-- AVAILABLE RECORDS follows --
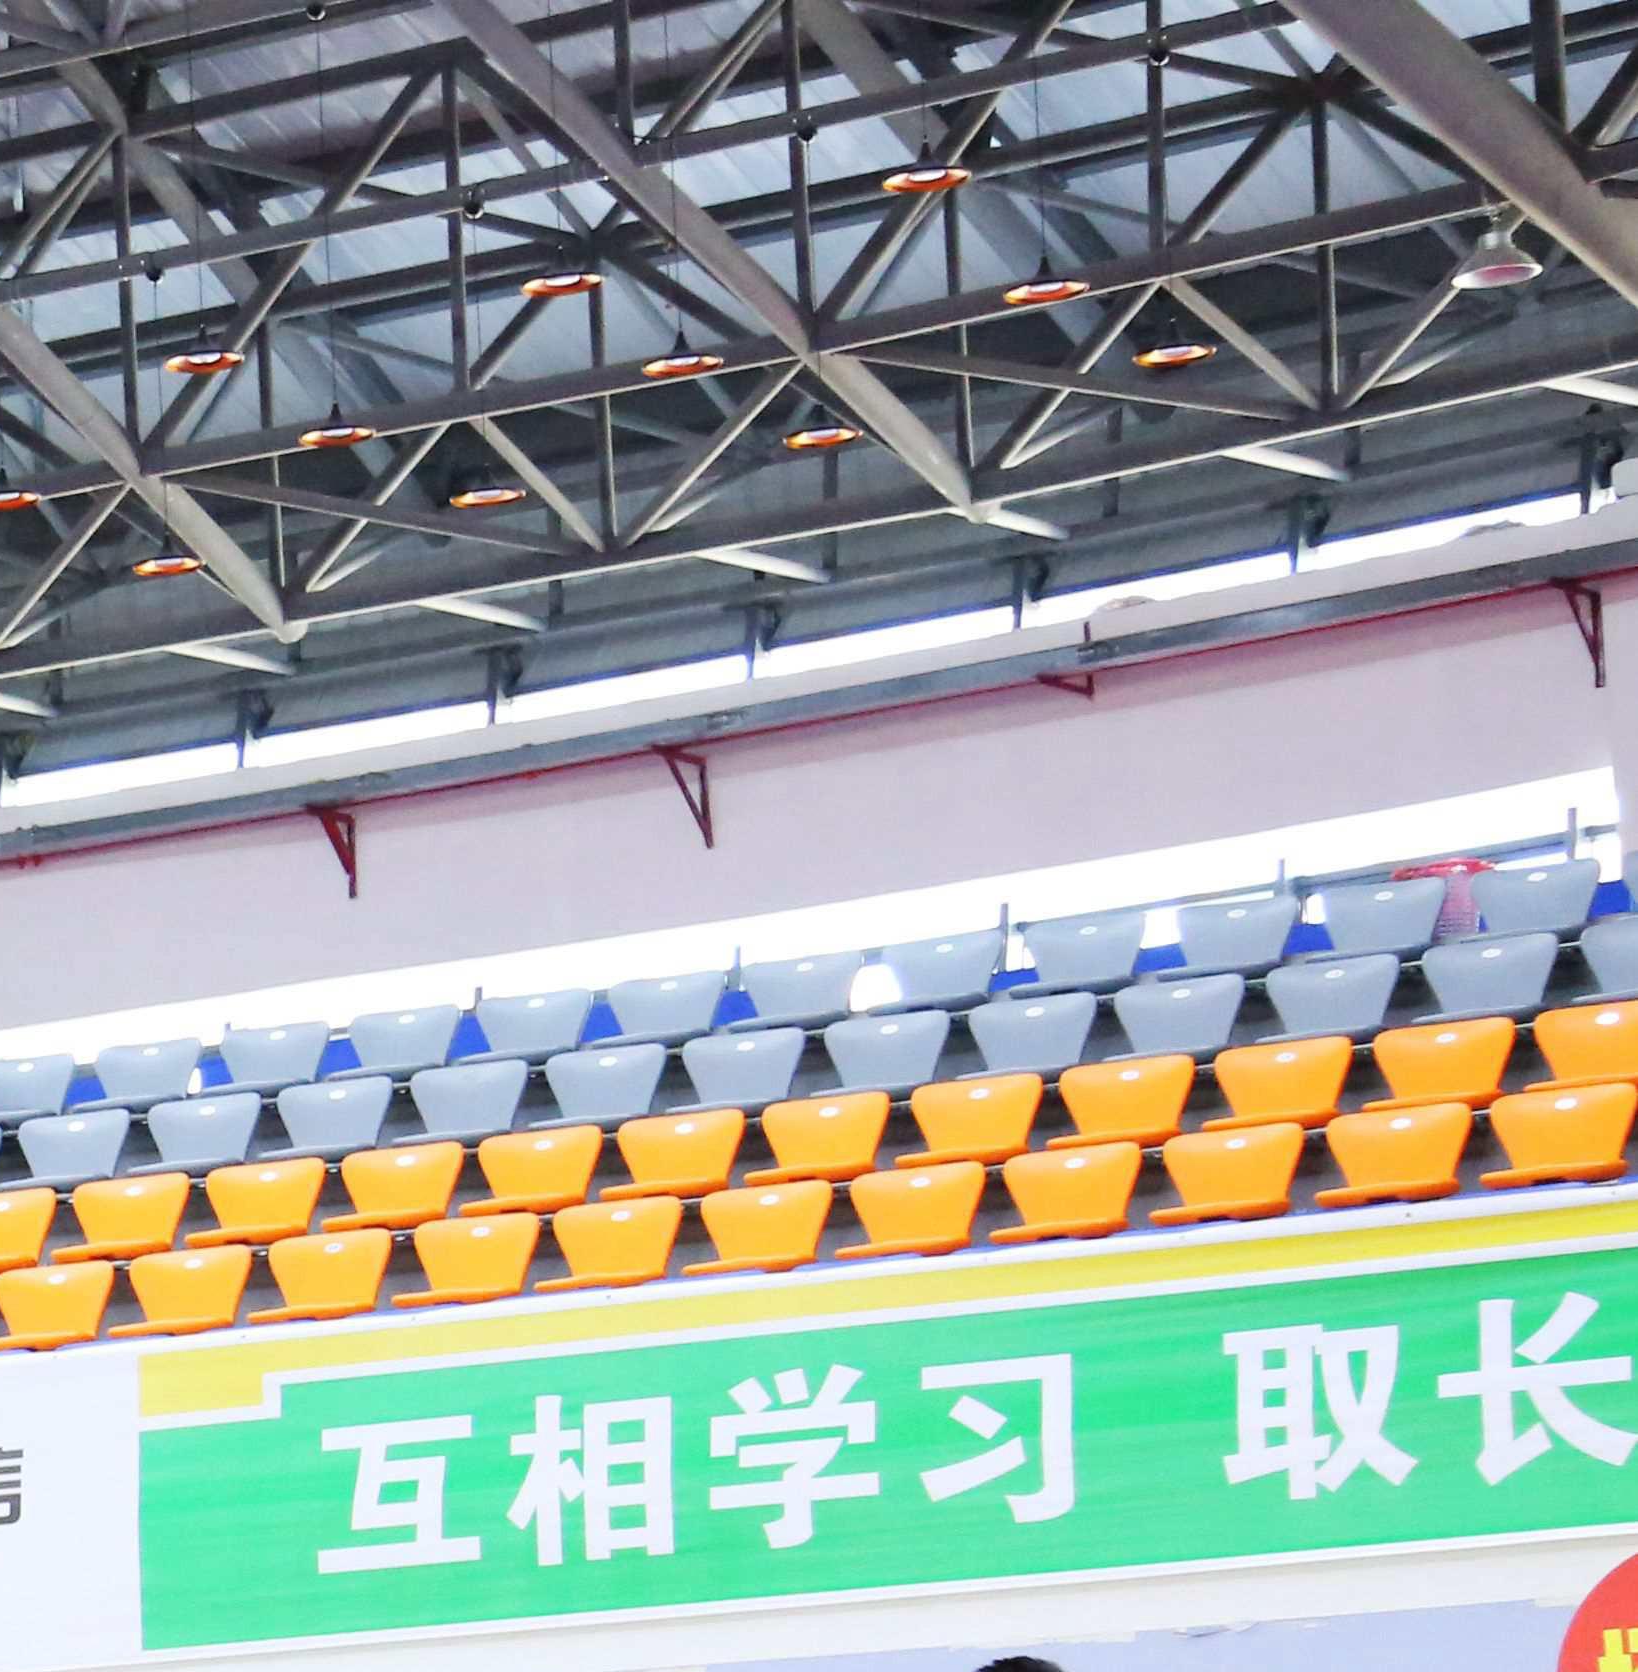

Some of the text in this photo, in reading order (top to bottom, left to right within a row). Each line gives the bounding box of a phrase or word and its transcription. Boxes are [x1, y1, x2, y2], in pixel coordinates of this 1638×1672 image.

[317, 1291, 1638, 1574] 互相学习 取长
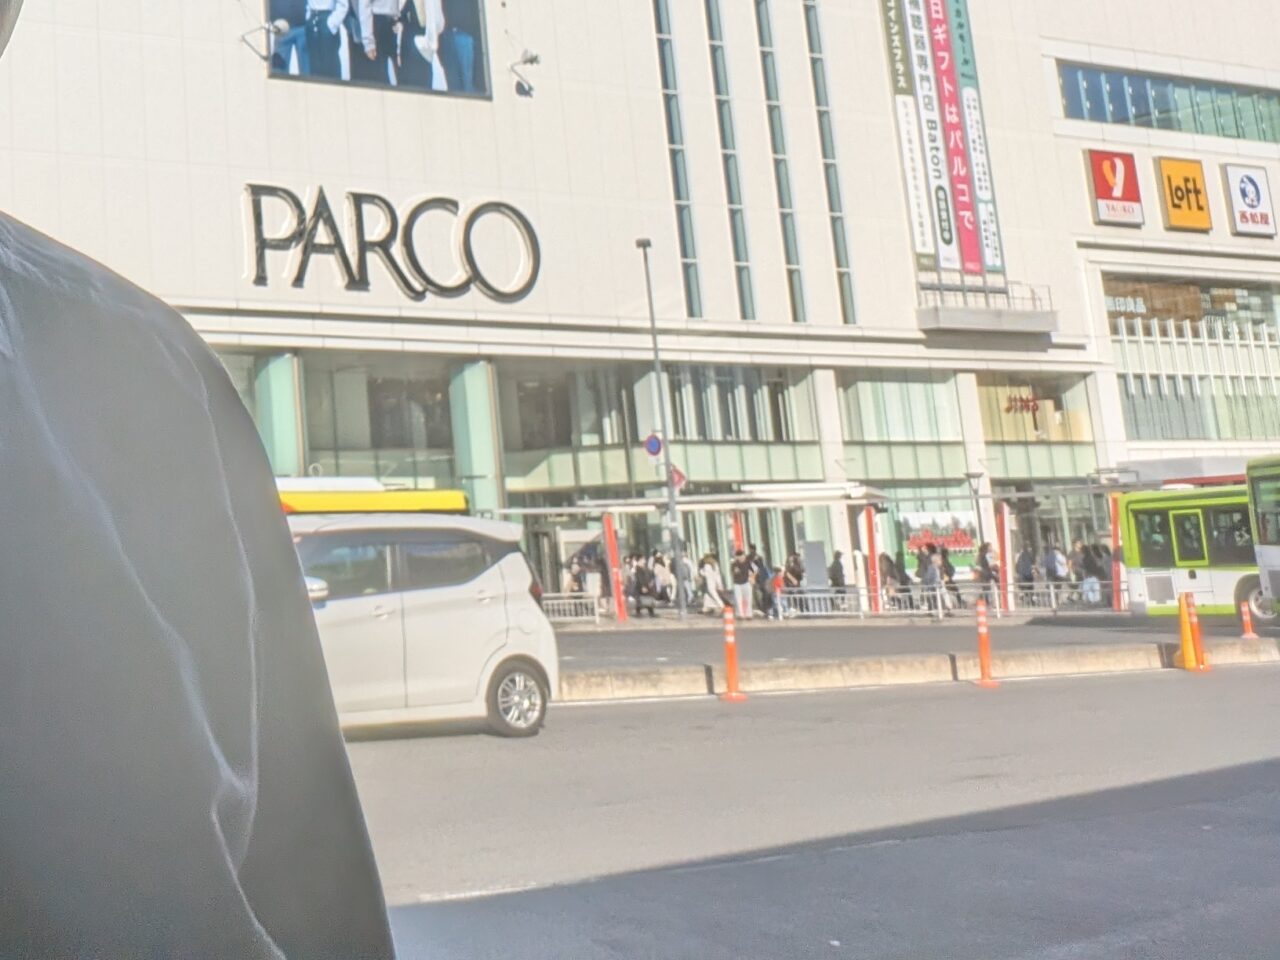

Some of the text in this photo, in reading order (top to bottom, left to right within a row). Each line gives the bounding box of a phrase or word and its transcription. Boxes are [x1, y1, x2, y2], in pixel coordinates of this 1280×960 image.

[924, 118, 945, 180] Baton
[1105, 201, 1135, 214] YAKO
[245, 182, 541, 303] PARCO
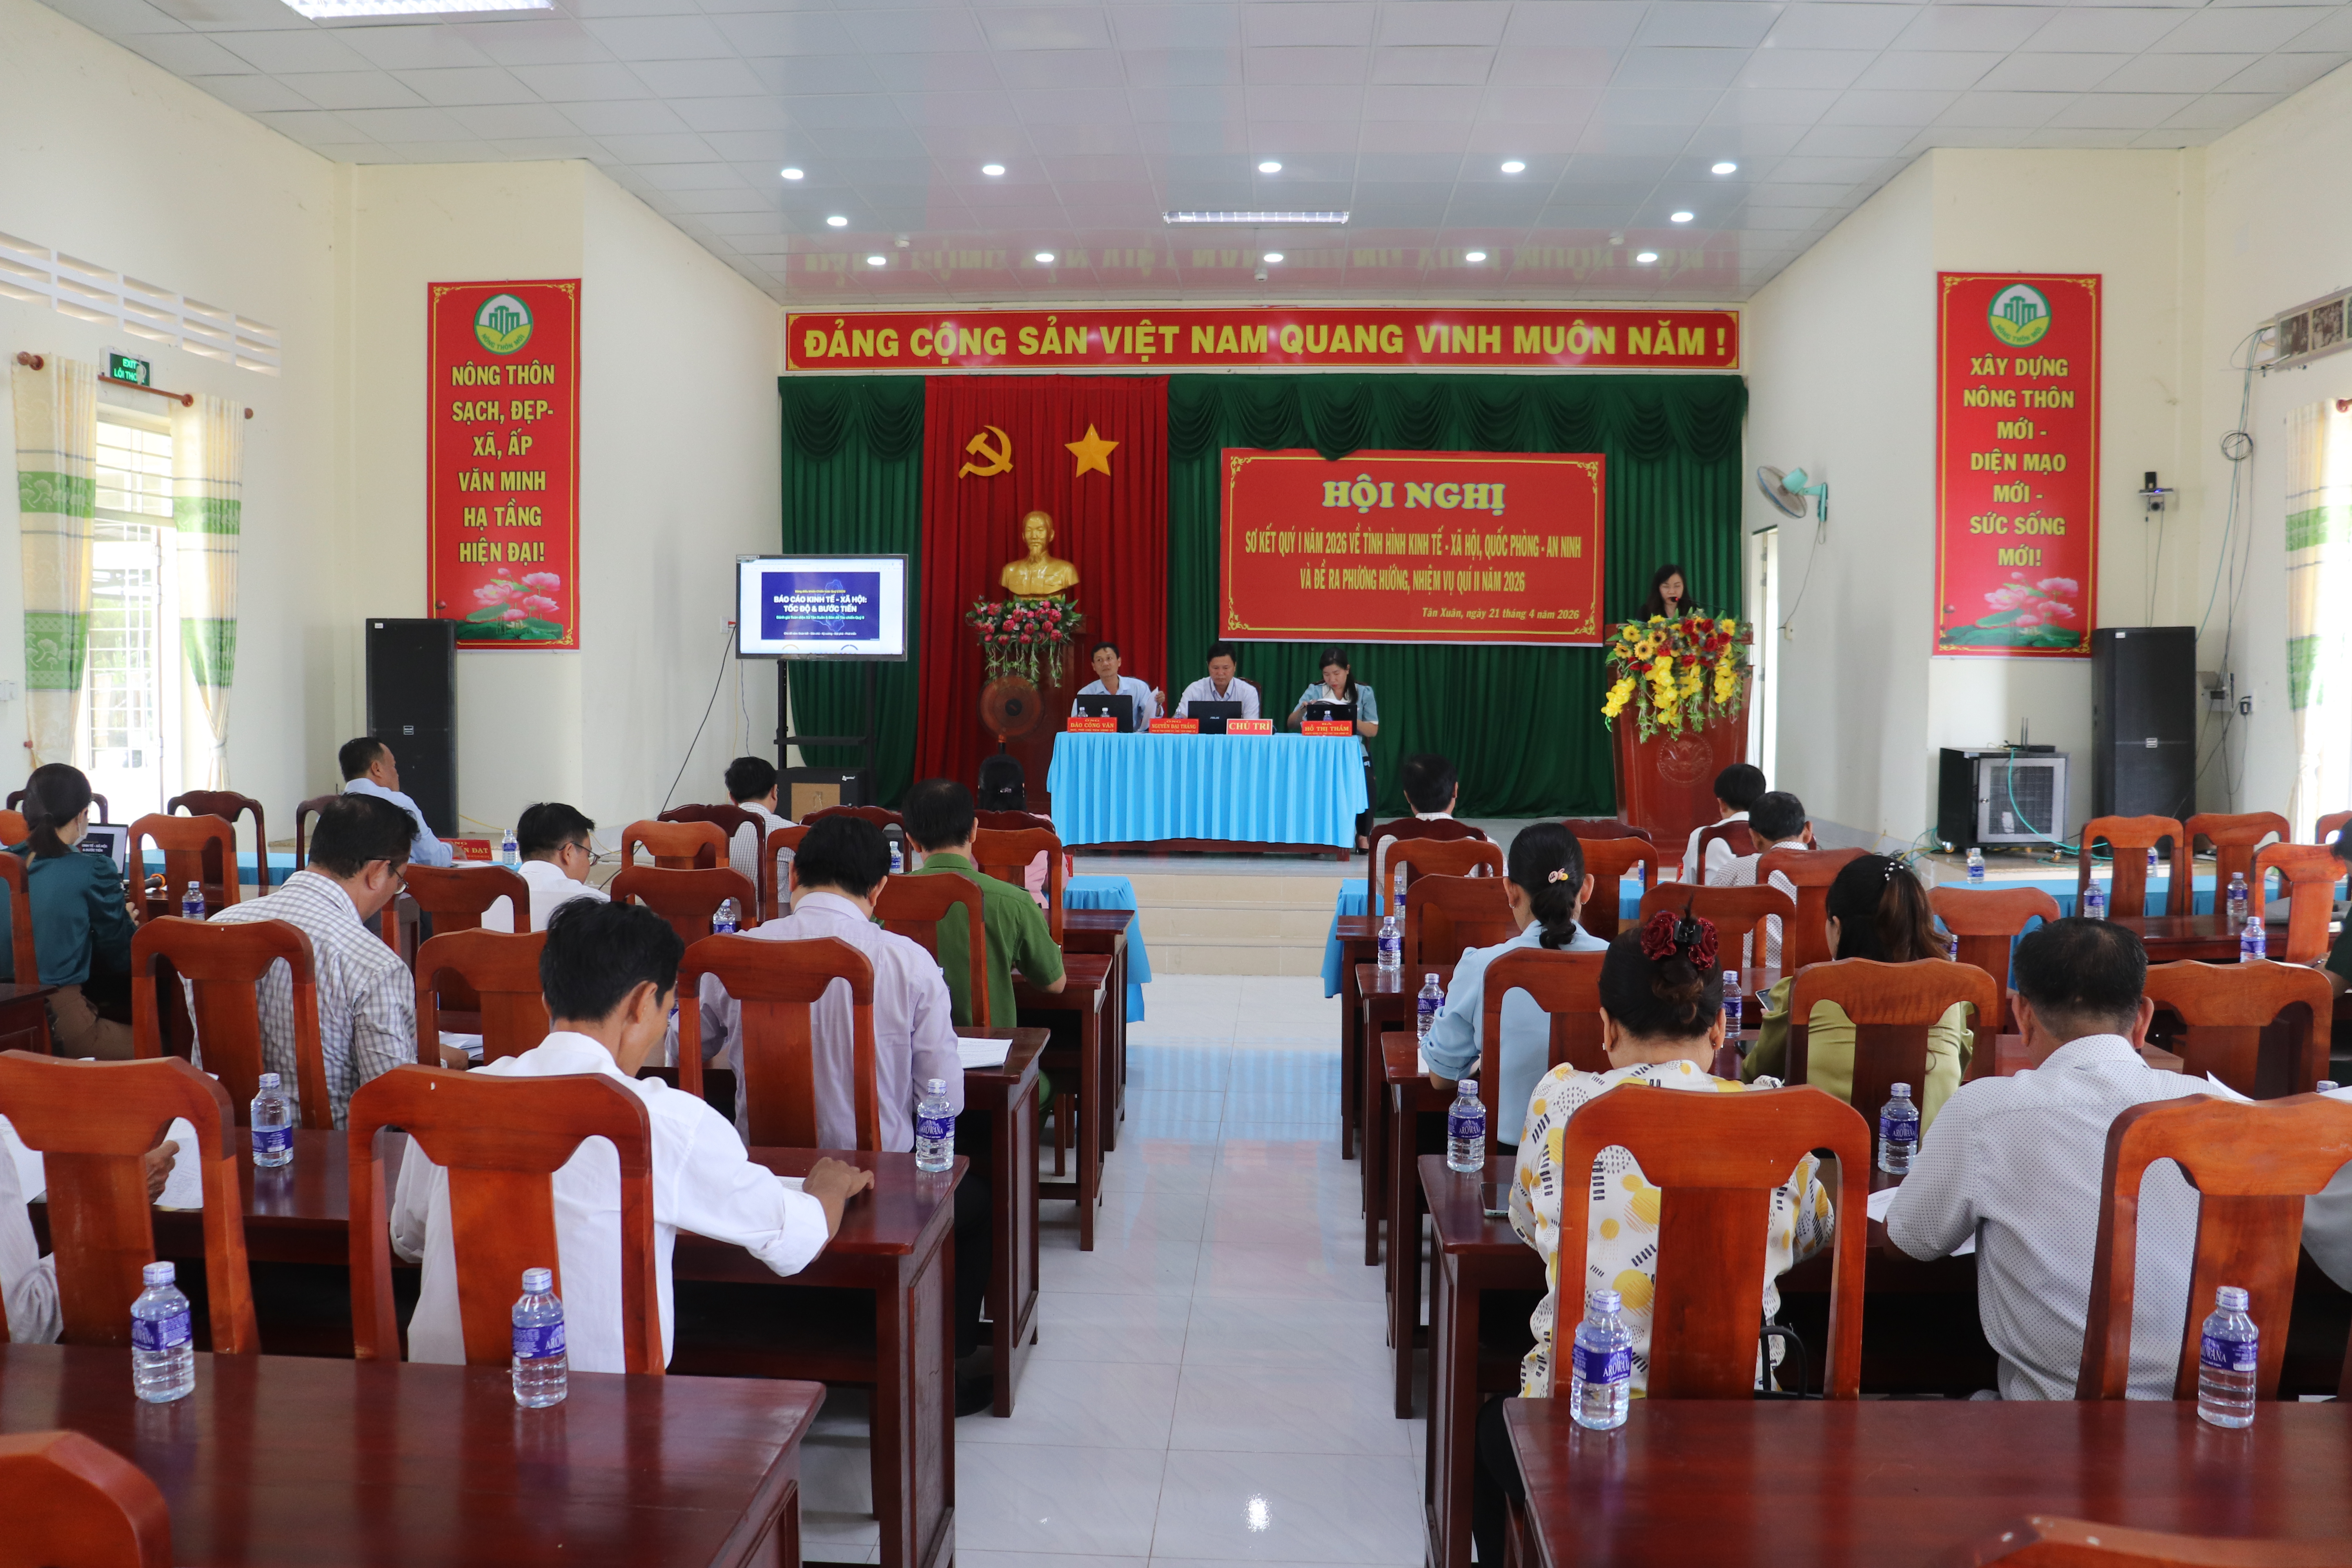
-- AVAILABLE RECORDS concluded --
§ EXERCISE AIM
An exact transcription is requested of each line from the one that holds "this 1280×960 image." to the end of the listing above, both boundary lines included; pictures are to be omitted.

§ TASK RESULT
Some of the text in this photo, in reading order (top to bottom, left to right within a row). Each line gives the bounding box of a phrase or word and its transcription. Boxes are [x1, y1, x2, y2], in pixel coordinates of this 1280×960 image.

[924, 118, 945, 180] Baton
[1105, 201, 1135, 214] YAKO
[245, 182, 541, 303] PARCO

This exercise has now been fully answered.